How Do Sperm Donors Get the Sperm Out?

Sperm donors produce their sample through masturbation into a sterile collection cup. It’s a straightforward process, but sperm banks have specific protocols around hygiene, timing, and sample quality that determine whether a donation is usable. Here’s what the full process looks like from start to finish.

What Happens in the Collection Room

At a sperm bank or fertility clinic, the donor is shown to a private room, typically stocked with visual aids like magazines or videos. The donor masturbates and ejaculates directly into a sterile, labeled container provided by the facility. The entire process takes as long as the donor needs, with no staff present in the room.

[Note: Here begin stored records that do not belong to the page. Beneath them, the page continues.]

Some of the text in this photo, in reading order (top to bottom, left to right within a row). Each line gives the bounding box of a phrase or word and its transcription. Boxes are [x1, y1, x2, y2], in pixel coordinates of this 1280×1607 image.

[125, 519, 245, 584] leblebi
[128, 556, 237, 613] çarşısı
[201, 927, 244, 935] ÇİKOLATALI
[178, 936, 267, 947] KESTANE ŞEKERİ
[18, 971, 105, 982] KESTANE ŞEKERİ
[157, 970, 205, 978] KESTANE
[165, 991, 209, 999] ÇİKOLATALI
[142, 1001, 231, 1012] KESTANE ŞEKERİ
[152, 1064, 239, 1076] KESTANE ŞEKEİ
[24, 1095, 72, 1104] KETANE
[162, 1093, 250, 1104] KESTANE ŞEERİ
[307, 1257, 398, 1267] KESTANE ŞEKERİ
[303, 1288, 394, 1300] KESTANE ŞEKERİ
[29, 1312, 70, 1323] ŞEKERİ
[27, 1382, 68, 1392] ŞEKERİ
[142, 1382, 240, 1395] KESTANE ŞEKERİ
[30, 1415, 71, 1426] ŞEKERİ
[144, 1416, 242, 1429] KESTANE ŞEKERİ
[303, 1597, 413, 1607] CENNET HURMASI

Before producing the sample, donors are expected to wash their hands and genital area thoroughly. This prevents bacteria from contaminating the specimen, which could compromise both the lab analysis and the sample’s viability for future use. The sterile cup should only be touched on the outside, and the donor avoids using lubricants, saliva, or condoms, all of which can damage or kill sperm cells.

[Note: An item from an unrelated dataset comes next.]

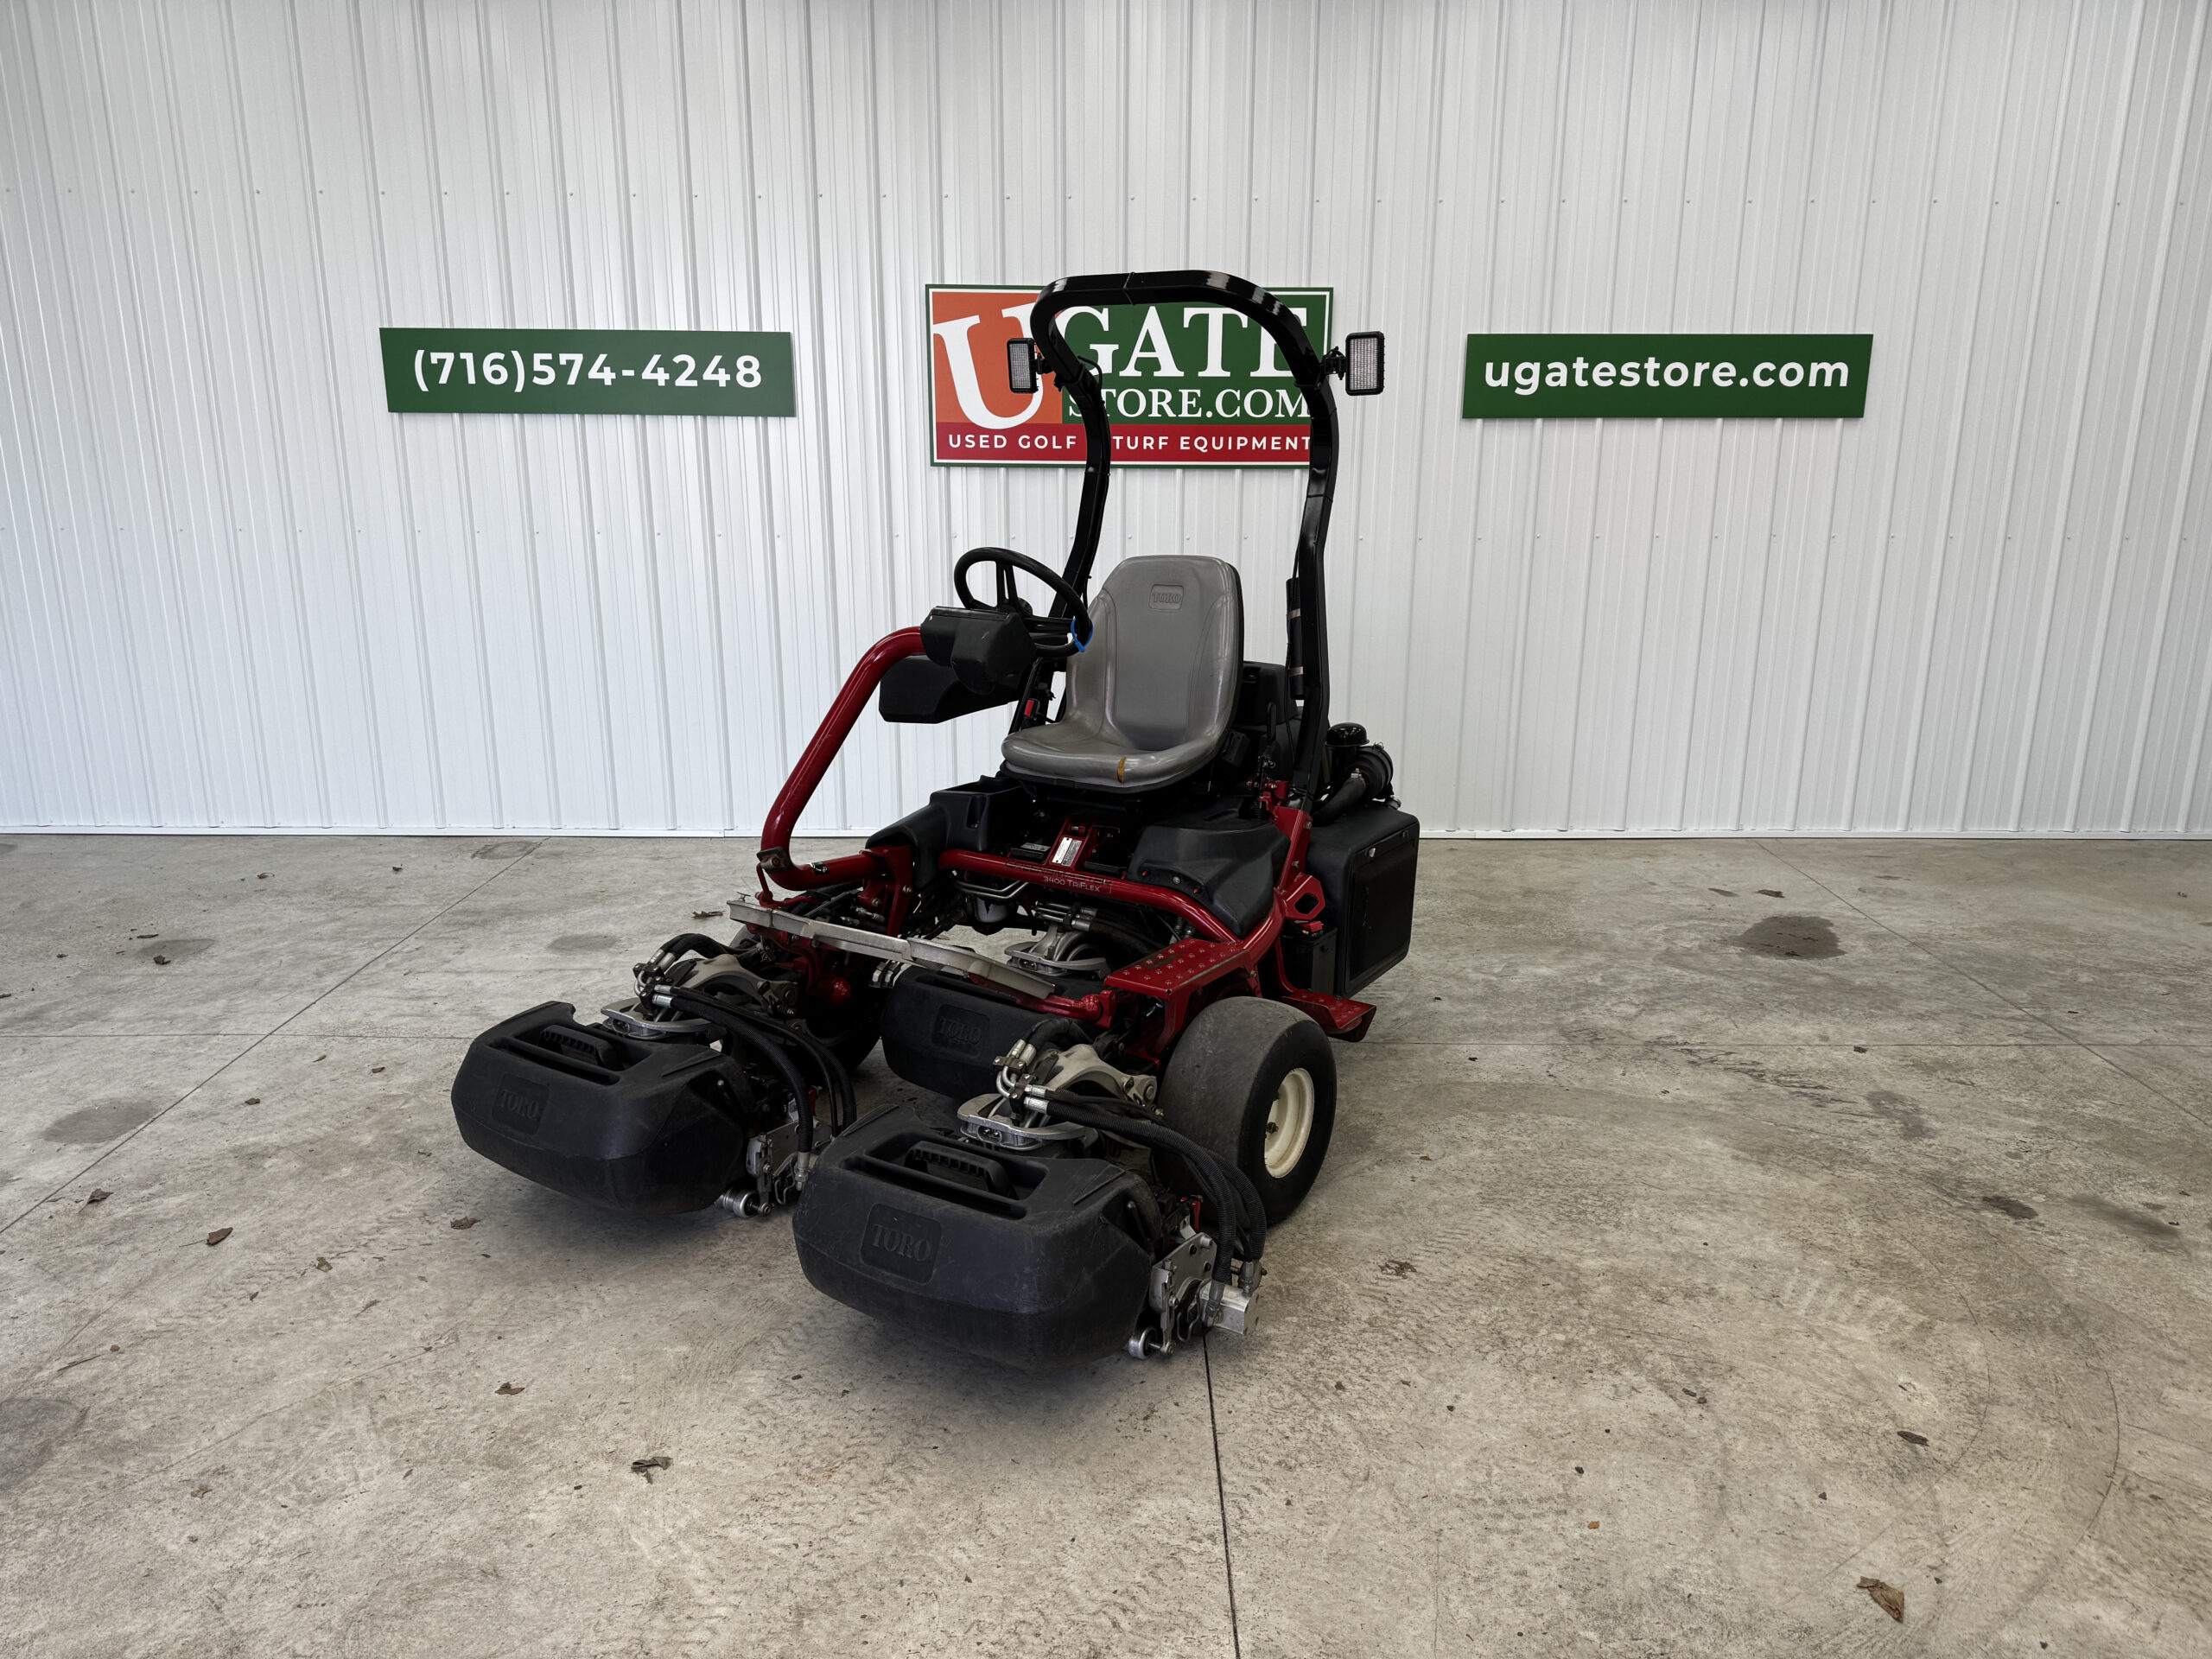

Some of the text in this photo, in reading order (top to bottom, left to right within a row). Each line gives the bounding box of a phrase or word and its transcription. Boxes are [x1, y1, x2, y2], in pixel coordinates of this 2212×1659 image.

Preparation Before Donation Day

Sperm banks ask donors to avoid ejaculating for a set period before their appointment. World Health Organization guidelines recommend two to seven days of abstinence. The timing matters because it affects the sample in competing ways: a longer abstinence period (around four days) produces a higher volume and sperm concentration, while a shorter period (around one day) yields sperm that swim better and function more effectively. Most banks aim for a window of two to five days as a practical compromise.

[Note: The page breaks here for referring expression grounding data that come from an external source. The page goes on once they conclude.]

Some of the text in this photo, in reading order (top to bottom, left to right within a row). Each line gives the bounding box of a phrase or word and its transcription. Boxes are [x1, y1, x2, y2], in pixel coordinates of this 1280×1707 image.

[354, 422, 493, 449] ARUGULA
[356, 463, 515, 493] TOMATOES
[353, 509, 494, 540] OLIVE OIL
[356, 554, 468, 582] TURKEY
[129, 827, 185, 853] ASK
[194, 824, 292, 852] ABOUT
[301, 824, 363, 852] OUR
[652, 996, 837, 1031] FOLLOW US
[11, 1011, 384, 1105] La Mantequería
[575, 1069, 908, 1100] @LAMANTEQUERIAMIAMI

Donors are also typically asked to avoid alcohol, recreational drugs, and hot tubs in the days leading up to collection, since all of these can temporarily reduce sperm quality.

What Makes a Sample Good Enough

Not every sample gets frozen and stored. Sperm banks evaluate each donation for concentration and motility, which is the percentage of sperm that are actively swimming. A normal sample contains at least 20 million total sperm per milliliter, with at least 10 million of those being motile. At least 50% of the sperm in a sample should be live and swimming.

Donor sperm faces an even higher bar than these baseline numbers because freezing and thawing kills a significant portion of cells. Banks need the starting quality to be high enough that the sample remains usable after cryopreservation. Many prospective donors are rejected at this stage, even if their sperm count would be considered normal for natural conception.

The Screening That Comes First

Before a donor’s samples are ever released for use, federal regulations require extensive infectious disease testing. The FDA mandates screening for HIV-1 and HIV-2, hepatitis B, hepatitis C, and syphilis. Because these are reproductive cells, donors must also be tested for chlamydia and gonorrhea.

Here’s the part most people don’t realize: for anonymous donors, the sperm is quarantined for at least six months after collection. The donor then returns for a second round of testing. Only after that follow-up comes back clean is the original sample cleared for use. This quarantine period catches infections that might not have shown up on the initial test because the donor was in the early window of exposure.

What Happens to the Sample After Collection

Once the sample passes its initial quality check, lab technicians mix it with a cryoprotectant, a fluid that shields sperm cells from ice crystal damage during freezing. The mixture is then cooled gradually before being plunged into liquid nitrogen, where it’s stored at roughly negative 196 degrees Celsius. Samples stored this way can remain viable for decades.

Each donation is divided into multiple vials so that a single collection can be used for several treatment cycles. The vials are cataloged, linked to the donor’s profile and test results, and kept in secure storage tanks until a recipient selects that donor.

Home Collection and Shipping

Some sperm banks allow donors (or men banking their own sperm for personal use) to collect at home and ship the sample. Fairfax Cryobank, one of the largest U.S. banks, provides a collection kit with instructions and a prepaid overnight shipping label. The sample must be kept at room temperature, not refrigerated, and shipped the same day it’s produced for arrival by the following morning.

Home collection is less common for regular sperm bank donors, who typically visit the facility on a set schedule. But it’s a practical option for men storing sperm before medical treatments like chemotherapy, or for those who find it difficult to produce a sample in an unfamiliar clinical environment.

Surgical Retrieval for Special Cases

Standard sperm donation relies entirely on masturbation. But for men who have no sperm in their ejaculate, a condition called azoospermia, sperm can be retrieved surgically. This isn’t used for typical sperm bank donors but comes up in fertility treatment when a male partner can’t produce sperm through ejaculation.

The most common surgical approach is called micro-TESE, where a surgeon uses a high-powered microscope to identify and extract tiny tissue samples from the testicle that are most likely to contain sperm. Small pieces of tissue are sent to the lab during the procedure to check whether enough sperm has been found. The process can take up to four hours depending on how quickly viable sperm are located. Another method, called MESA, retrieves sperm from the epididymis (the coiled tube where sperm mature after leaving the testicle) and is used for men who have a physical blockage, such as after a vasectomy. Both procedures are done under anesthesia, and any extra sperm retrieved can be frozen for future fertility cycles.